GOAL OF THE EXERCISE
Copy each line below as it stands, but skip any picture it contains.

EXERCISE INPUT

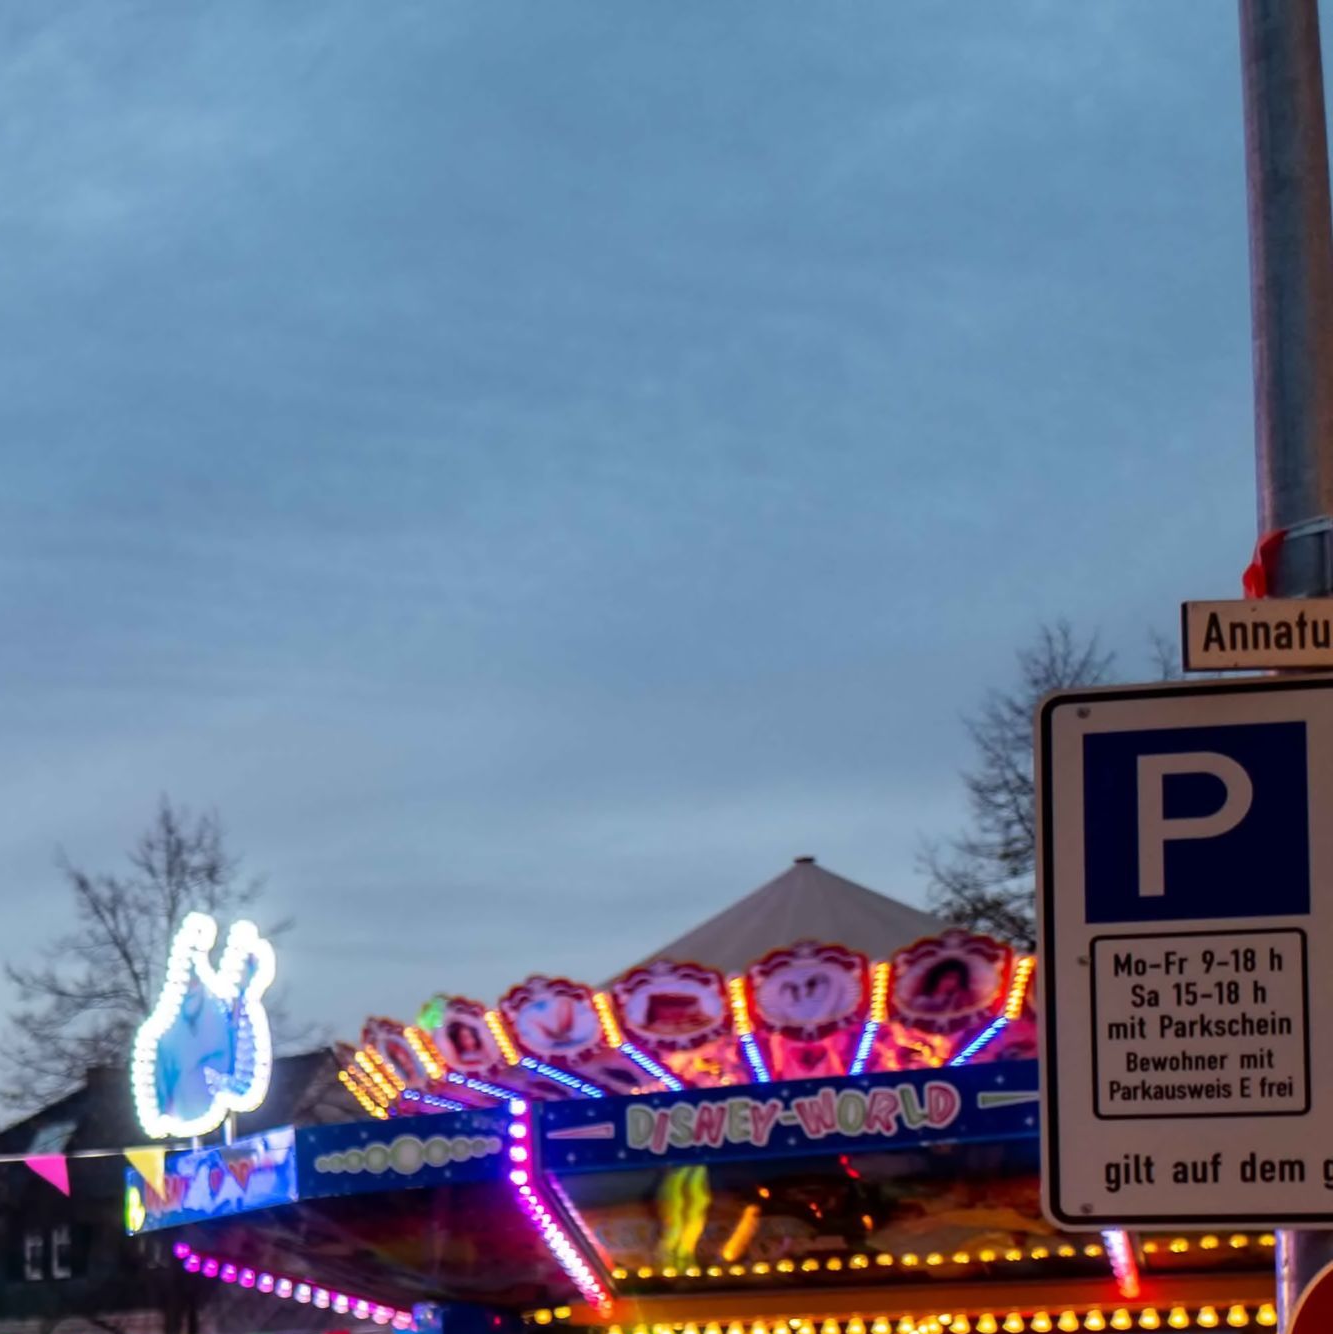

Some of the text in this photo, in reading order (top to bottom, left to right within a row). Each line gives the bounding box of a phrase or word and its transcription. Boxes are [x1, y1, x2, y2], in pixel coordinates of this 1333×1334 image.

[1136, 751, 1254, 898] P
[1113, 947, 1283, 978] Mo-Fr 9-18 h
[1131, 980, 1267, 1008] Sa 15-18 h
[1108, 1011, 1293, 1041] mit Parkschein
[1126, 1048, 1275, 1073] Bewohner mit
[1109, 1075, 1294, 1101] Parkausweis E frei
[626, 1081, 962, 1154] DISNEY-WORLD
[1105, 1154, 1155, 1194] gilt
[1172, 1153, 1222, 1185] auf
[1240, 1152, 1306, 1184] dem

ANSWER TO THIS PROBLEM
Some of the text in this photo, in reading order (top to bottom, left to right within a row). Each line gives the bounding box of a phrase or word and its transcription. Boxes are [x1, y1, x2, y2], in pixel coordinates of this 1333×1334 image.

[1136, 751, 1254, 898] P
[1113, 947, 1283, 978] Mo-Fr 9-18 h
[1131, 980, 1267, 1008] Sa 15-18 h
[1108, 1011, 1293, 1041] mit Parkschein
[1126, 1048, 1275, 1073] Bewohner mit
[1109, 1075, 1294, 1101] Parkausweis E frei
[626, 1081, 962, 1154] DISNEY-WORLD
[1105, 1154, 1155, 1194] gilt
[1172, 1153, 1222, 1185] auf
[1240, 1152, 1306, 1184] dem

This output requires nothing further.